It is everybody's secret that the interactivity of digital media allows their most important and most popular contribution to the experience of fictional worlds, namely the development of video games. In a classical print fiction, users play the role of a passive witness of the represented events, but in most video games, they impersonate and control a character who takes an active part in the evolution of a fictional world. Through this act of pretense, video games not only strengthen the connection between fiction and children's games of make-believe, they also reconcile two types of game which had previously remained largely incompatible with each other. These two types of game are what the French sociologist Roger Caillois calls paidia and ludus:

At one extreme an almost indivisible principle, common to diversion, turbulence, free improvisation, and careful gaiety is dominant. It manifests a kind of uncontrolled fantasy that can be designated by the term paidia. At the opposite extreme … there is a growing tendency to bind [this uncontrolled fantasy] with arbitrary, imperative, and purposely tedious conventions … This latter principle is completely impractical, even though it requires an ever greater amount of effort, patience, skill, or ingenuity.
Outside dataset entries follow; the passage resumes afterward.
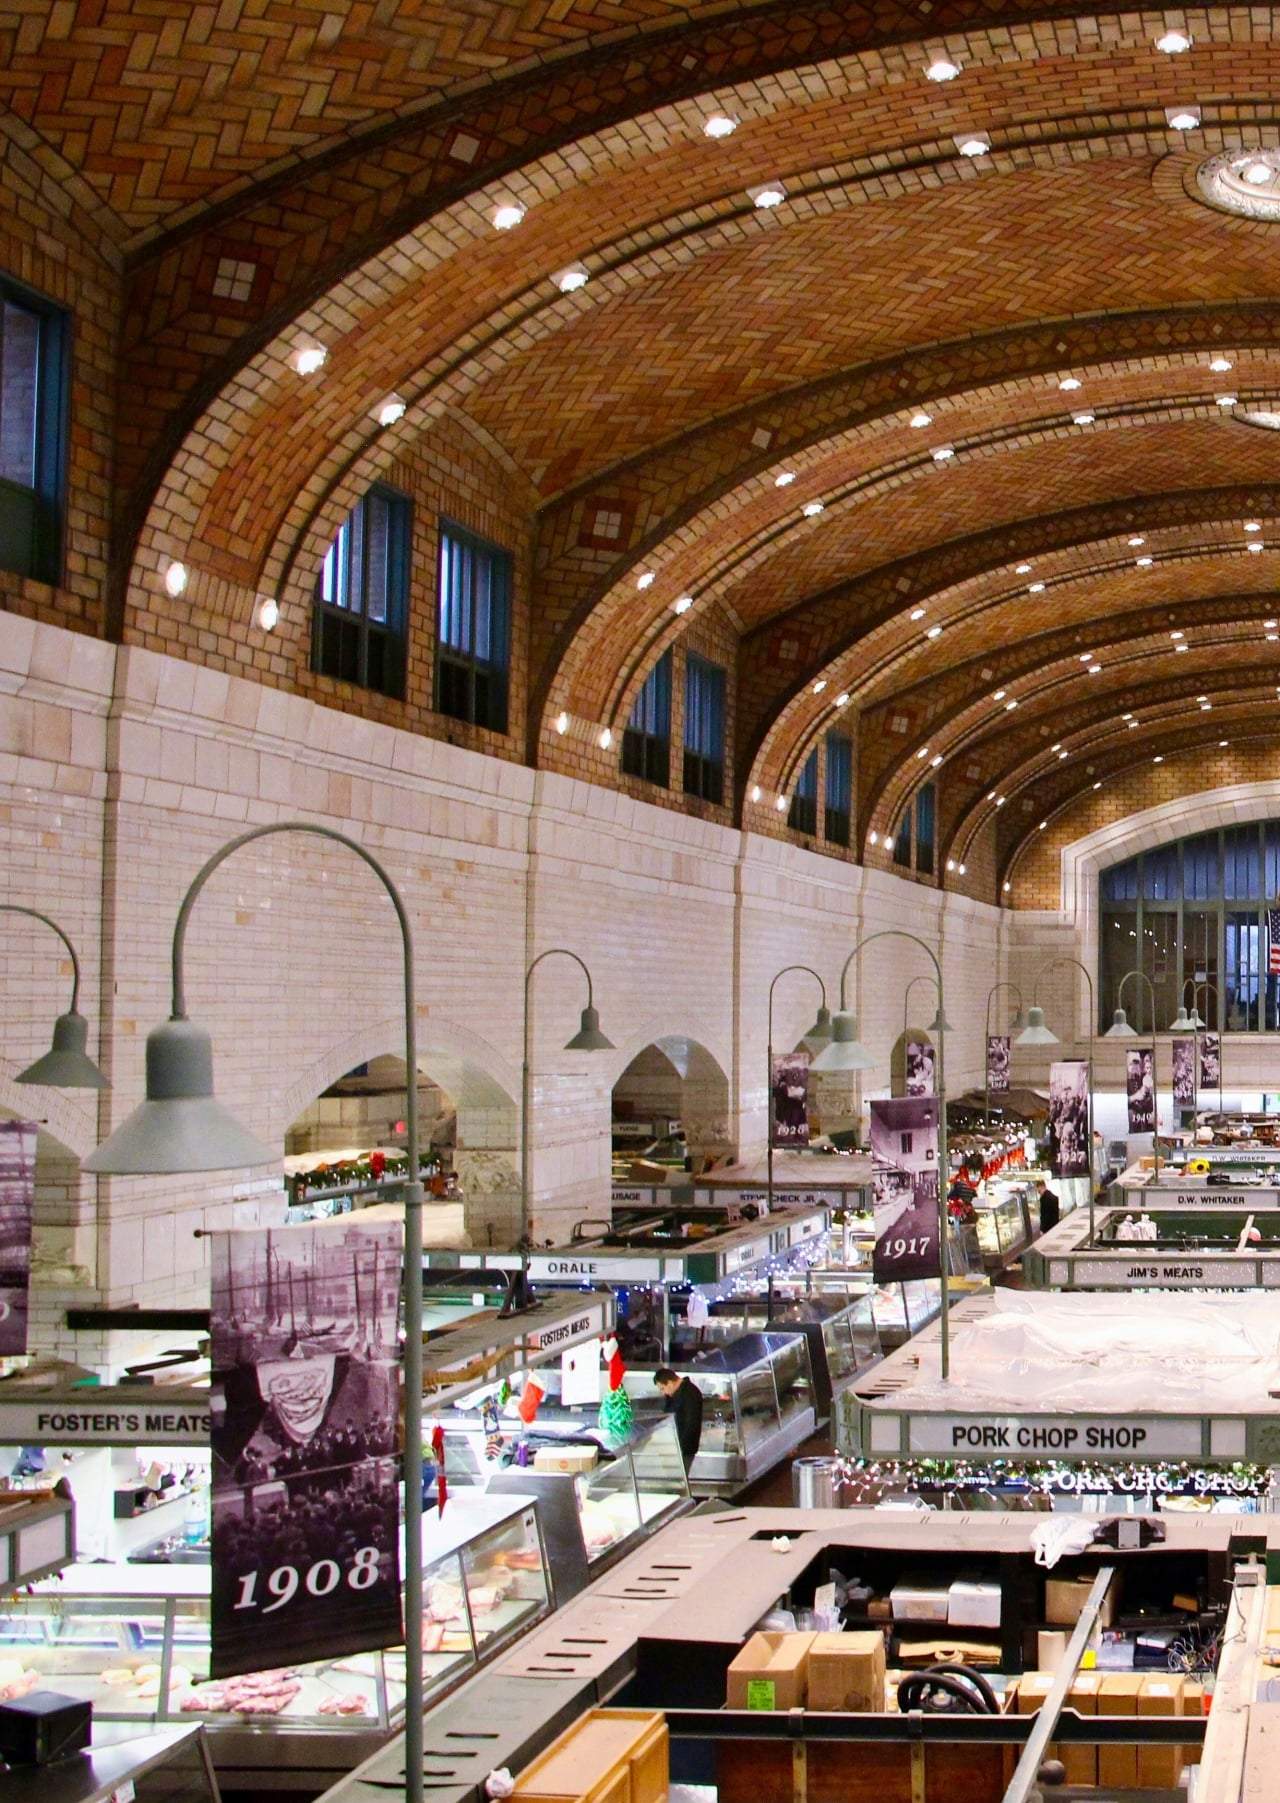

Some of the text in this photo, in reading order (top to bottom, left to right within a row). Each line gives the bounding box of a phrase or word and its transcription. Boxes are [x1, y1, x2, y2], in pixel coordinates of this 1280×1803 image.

[1056, 1150, 1084, 1164] 1927
[612, 1192, 641, 1200] USAGE
[1178, 1195, 1245, 1205] D.W. WHITAKER
[883, 1236, 931, 1259] 1917
[548, 1262, 598, 1274] ORALE
[1127, 1267, 1204, 1279] JIM'S MEATS
[540, 1316, 590, 1347] FOSTER'S MEATS
[38, 1413, 212, 1431] FOSTER'S MEATS
[952, 1426, 1146, 1448] PORK CHOP SHOP
[1042, 1470, 1114, 1491] PORK
[1194, 1470, 1264, 1491] SHOP
[233, 1546, 380, 1614] 1908
I call this second component ludus.

(2001: 13)

The best example of paidia games is building imaginary scenarios with toys, using them, in the words of Kendall Walton 1990: (21–24 and throughout), as "props in a game of make-believe." These games do not aim at a specific goal, and they do not lead to losing or winning. The pleasures of paidia reside in the free play of the imagination, in adopting foreign identities, in forming social relations, in building objects, in exploring an environment, and above all in creating a representation: paidia games are fundamentally mimetic activities. If there are rules, they are spontaneously created by the participants, as when a group of children decides that a certain tree will be the house of the wolf, and they can be renegotiated on the fly. Ludus games, by contrast, are strictly controlled by pre-existing rules accepted by the participants as part of a basic game contract, they lead to clearly defined states of winning or losing, and their pleasure resides in the thrill of competition and in the satisfaction of solving problems.
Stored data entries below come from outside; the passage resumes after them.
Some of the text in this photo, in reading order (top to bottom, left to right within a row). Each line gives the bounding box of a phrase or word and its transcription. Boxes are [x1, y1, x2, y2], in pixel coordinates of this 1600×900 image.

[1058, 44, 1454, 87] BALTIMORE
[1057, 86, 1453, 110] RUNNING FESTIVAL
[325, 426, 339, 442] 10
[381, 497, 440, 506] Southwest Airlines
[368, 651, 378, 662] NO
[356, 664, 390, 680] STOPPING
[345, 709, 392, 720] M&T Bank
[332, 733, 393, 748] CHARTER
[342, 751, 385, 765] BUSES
Of these two types of game, it is clearly paidia, with its mimetic dimension, that forms the ludic origin of fiction. Caillois goes on to say that the make-believe of fiction is incompatible with the rules of ludus: "Thus games are not ruled and make-believe. Rather they are ruled or make-believe" (2001: 9). (The original French text reads: "Ainsi, les jeux ne sont pas réglés et fictifs. Ils sont plutôt ou réglés ou fictifs" [1958: 41].) In the 1950s, when Caillois was writing, the vast majority of ruled games were abstract: chess, go, cross-word puzzles, and the various forms of competitive sport take place on a playfield divided into strategic zones (the squares on a chess board, the penalty box on a soccer field), but this playfield does not represent anything: it is not a world in an imaginative sense. The goals of the players are not the kind of events that matter to people in practical life, but actions only made desirable by the conventions of the game, such as capturing the opponent's pieces, or shooting a ball into a net. There had been, admittedly, some attempts to render board games more interesting from a thematic point of view: for instance Monopoly simulates real estate, many dice games enliven their board with pictures that tell a rudimentary story, and in Dungeons and Dragons, players impersonate characters and pursue quests whose outcome is decided by rules set up by the game master. But it is only with computer games that the conflict observed by Caillois is fully resolved. More and more, video games take place in a space that is not only a playfield but a richly designed world offering diverse landscapes to explore and identifiable objects to manipulate. Players do not move tokens but impersonate an avatar, and their goal is no longer the achievement of a conventional state of winning but the fulfillment of concrete tasks corresponding to what people might want to do in real life if they were placed in the proper world and in the proper situation: goals such as winning wars, saving the Earth from invaders from outer space, or establishing civilizations. On the other hand, these games are even more strictly controlled by rules than sports and board games, because the rules are established by code, and they are as imperative as the laws of physics: you can no more cheat with them than you can cheat with gravity. (Cheating in computer games is finding imaginative ways to get around the code, rather than transgressing it.)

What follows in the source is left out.